(Exercise aim) The records are to be reproduced verbatim.

(Provided information)
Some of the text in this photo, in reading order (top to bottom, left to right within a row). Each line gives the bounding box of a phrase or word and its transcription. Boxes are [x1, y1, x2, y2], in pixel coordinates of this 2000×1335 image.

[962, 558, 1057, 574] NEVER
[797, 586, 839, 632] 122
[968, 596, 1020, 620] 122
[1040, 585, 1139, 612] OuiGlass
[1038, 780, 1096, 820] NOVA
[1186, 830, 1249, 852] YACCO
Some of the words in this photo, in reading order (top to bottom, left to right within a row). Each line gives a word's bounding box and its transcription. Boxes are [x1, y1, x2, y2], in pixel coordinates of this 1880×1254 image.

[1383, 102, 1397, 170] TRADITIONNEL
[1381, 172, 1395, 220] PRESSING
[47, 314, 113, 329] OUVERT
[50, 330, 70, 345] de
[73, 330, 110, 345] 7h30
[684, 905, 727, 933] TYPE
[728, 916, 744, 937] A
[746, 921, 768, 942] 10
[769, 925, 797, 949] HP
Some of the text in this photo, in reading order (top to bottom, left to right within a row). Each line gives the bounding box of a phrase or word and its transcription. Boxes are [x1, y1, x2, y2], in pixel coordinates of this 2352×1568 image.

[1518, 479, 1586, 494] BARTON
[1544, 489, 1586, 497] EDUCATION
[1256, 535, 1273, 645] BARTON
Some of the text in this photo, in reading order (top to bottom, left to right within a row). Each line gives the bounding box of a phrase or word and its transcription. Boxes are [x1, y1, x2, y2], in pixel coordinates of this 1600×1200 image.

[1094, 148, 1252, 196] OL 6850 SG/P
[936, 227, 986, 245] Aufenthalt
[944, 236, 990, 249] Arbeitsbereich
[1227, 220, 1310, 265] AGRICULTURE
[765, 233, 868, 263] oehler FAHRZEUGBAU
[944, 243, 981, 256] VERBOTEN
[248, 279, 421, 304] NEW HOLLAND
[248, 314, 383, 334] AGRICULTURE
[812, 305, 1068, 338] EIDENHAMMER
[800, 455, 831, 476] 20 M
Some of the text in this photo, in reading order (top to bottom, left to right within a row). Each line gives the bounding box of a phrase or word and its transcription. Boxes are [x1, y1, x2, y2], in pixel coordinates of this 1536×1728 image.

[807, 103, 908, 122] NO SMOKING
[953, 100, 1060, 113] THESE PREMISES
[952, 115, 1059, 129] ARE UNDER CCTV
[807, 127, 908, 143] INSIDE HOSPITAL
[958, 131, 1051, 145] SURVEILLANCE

(Response below)
Some of the text in this photo, in reading order (top to bottom, left to right within a row). Each line gives the bounding box of a phrase or word and its transcription. Boxes are [x1, y1, x2, y2], in pixel coordinates of this 2000×1335 image.

[962, 558, 1057, 574] NEVER
[797, 586, 839, 632] 122
[968, 596, 1020, 620] 122
[1040, 585, 1139, 612] OuiGlass
[1038, 780, 1096, 820] NOVA
[1186, 830, 1249, 852] YACCO
Some of the words in this photo, in reading order (top to bottom, left to right within a row). Each line gives a word's bounding box and its transcription. Boxes are [x1, y1, x2, y2], in pixel coordinates of this 1880×1254 image.

[1383, 102, 1397, 170] TRADITIONNEL
[1381, 172, 1395, 220] PRESSING
[47, 314, 113, 329] OUVERT
[50, 330, 70, 345] de
[73, 330, 110, 345] 7h30
[684, 905, 727, 933] TYPE
[728, 916, 744, 937] A
[746, 921, 768, 942] 10
[769, 925, 797, 949] HP
Some of the text in this photo, in reading order (top to bottom, left to right within a row). Each line gives the bounding box of a phrase or word and its transcription. Boxes are [x1, y1, x2, y2], in pixel coordinates of this 2352×1568 image.

[1518, 479, 1586, 494] BARTON
[1544, 489, 1586, 497] EDUCATION
[1256, 535, 1273, 645] BARTON
Some of the text in this photo, in reading order (top to bottom, left to right within a row). Each line gives the bounding box of a phrase or word and its transcription. Boxes are [x1, y1, x2, y2], in pixel coordinates of this 1600×1200 image.

[1094, 148, 1252, 196] OL 6850 SG/P
[936, 227, 986, 245] Aufenthalt
[944, 236, 990, 249] Arbeitsbereich
[1227, 220, 1310, 265] AGRICULTURE
[765, 233, 868, 263] oehler FAHRZEUGBAU
[944, 243, 981, 256] VERBOTEN
[248, 279, 421, 304] NEW HOLLAND
[248, 314, 383, 334] AGRICULTURE
[812, 305, 1068, 338] EIDENHAMMER
[800, 455, 831, 476] 20 M
Some of the text in this photo, in reading order (top to bottom, left to right within a row). Each line gives the bounding box of a phrase or word and its transcription. Boxes are [x1, y1, x2, y2], in pixel coordinates of this 1536×1728 image.

[807, 103, 908, 122] NO SMOKING
[953, 100, 1060, 113] THESE PREMISES
[952, 115, 1059, 129] ARE UNDER CCTV
[807, 127, 908, 143] INSIDE HOSPITAL
[958, 131, 1051, 145] SURVEILLANCE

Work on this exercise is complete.